---------- Data for review ----------

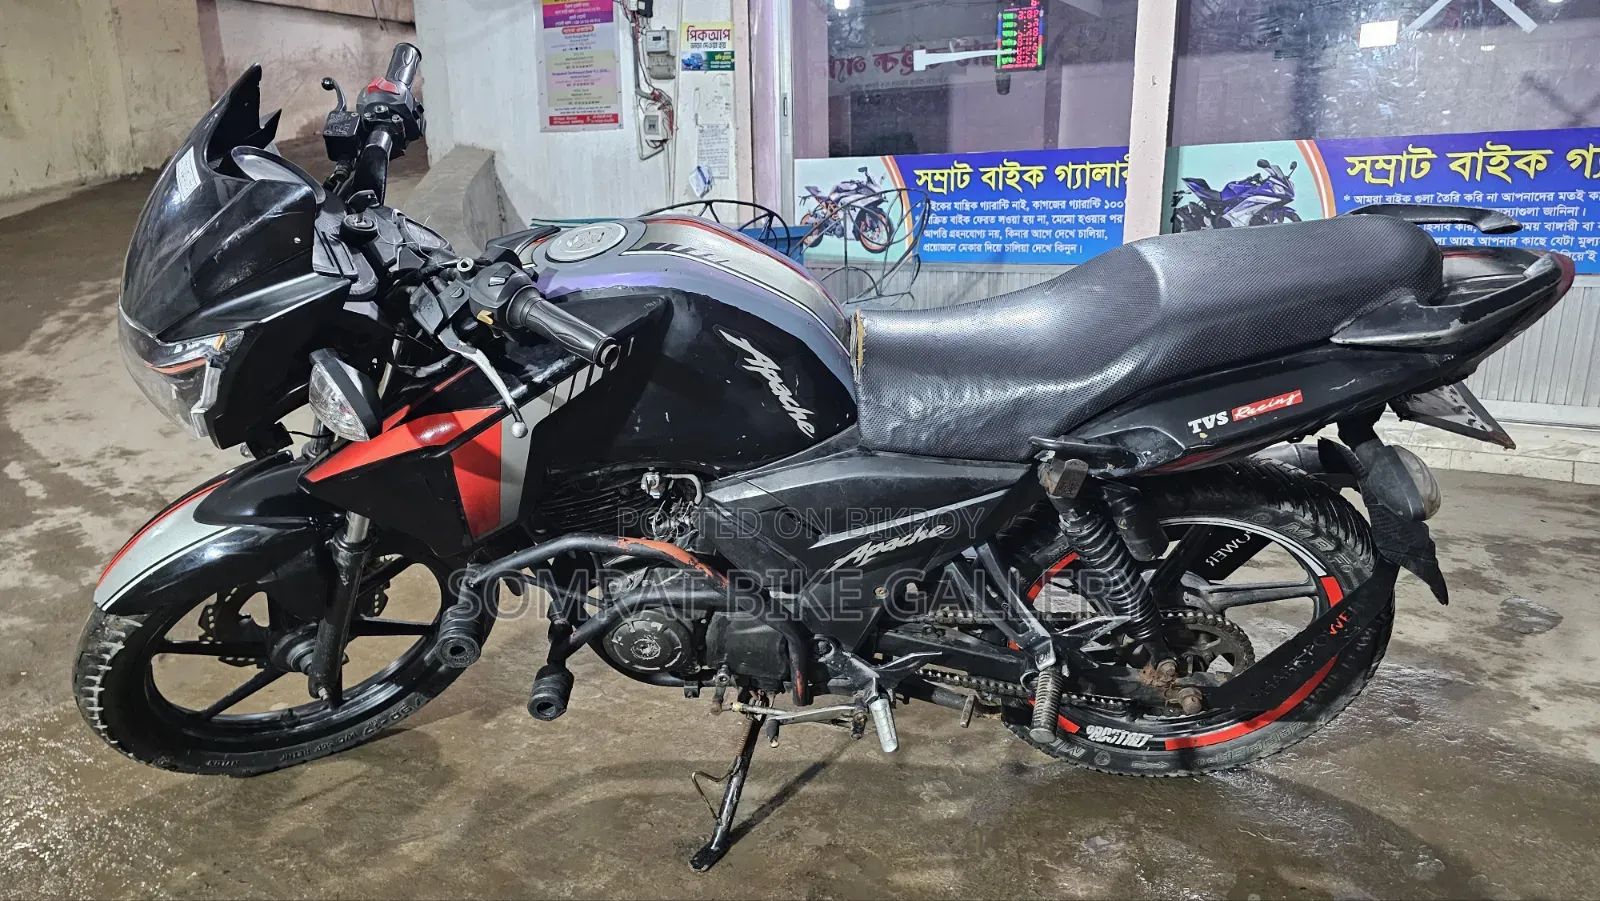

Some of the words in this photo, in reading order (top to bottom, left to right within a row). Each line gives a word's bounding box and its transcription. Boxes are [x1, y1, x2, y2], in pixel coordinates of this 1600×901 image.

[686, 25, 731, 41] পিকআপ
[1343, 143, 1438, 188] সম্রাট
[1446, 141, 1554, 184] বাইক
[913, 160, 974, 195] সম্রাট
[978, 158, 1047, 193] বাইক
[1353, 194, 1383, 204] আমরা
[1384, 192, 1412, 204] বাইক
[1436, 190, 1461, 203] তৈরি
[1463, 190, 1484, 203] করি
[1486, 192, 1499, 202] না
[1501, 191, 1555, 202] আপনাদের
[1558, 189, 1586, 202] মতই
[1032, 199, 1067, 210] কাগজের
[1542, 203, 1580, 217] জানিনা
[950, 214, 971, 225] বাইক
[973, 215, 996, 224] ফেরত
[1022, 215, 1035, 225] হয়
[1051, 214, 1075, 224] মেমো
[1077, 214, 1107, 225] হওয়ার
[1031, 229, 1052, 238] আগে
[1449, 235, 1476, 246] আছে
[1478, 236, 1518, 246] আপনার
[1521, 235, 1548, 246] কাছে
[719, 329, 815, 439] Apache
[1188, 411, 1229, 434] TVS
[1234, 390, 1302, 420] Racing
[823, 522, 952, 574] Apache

----------

=== Work instructions ===
Set down the whole listing word for word, omitting the pictures.

=== Written reply ===
Some of the words in this photo, in reading order (top to bottom, left to right within a row). Each line gives a word's bounding box and its transcription. Boxes are [x1, y1, x2, y2], in pixel coordinates of this 1600×901 image.

[686, 25, 731, 41] পিকআপ
[1343, 143, 1438, 188] সম্রাট
[1446, 141, 1554, 184] বাইক
[913, 160, 974, 195] সম্রাট
[978, 158, 1047, 193] বাইক
[1353, 194, 1383, 204] আমরা
[1384, 192, 1412, 204] বাইক
[1436, 190, 1461, 203] তৈরি
[1463, 190, 1484, 203] করি
[1486, 192, 1499, 202] না
[1501, 191, 1555, 202] আপনাদের
[1558, 189, 1586, 202] মতই
[1032, 199, 1067, 210] কাগজের
[1542, 203, 1580, 217] জানিনা
[950, 214, 971, 225] বাইক
[973, 215, 996, 224] ফেরত
[1022, 215, 1035, 225] হয়
[1051, 214, 1075, 224] মেমো
[1077, 214, 1107, 225] হওয়ার
[1031, 229, 1052, 238] আগে
[1449, 235, 1476, 246] আছে
[1478, 236, 1518, 246] আপনার
[1521, 235, 1548, 246] কাছে
[719, 329, 815, 439] Apache
[1188, 411, 1229, 434] TVS
[1234, 390, 1302, 420] Racing
[823, 522, 952, 574] Apache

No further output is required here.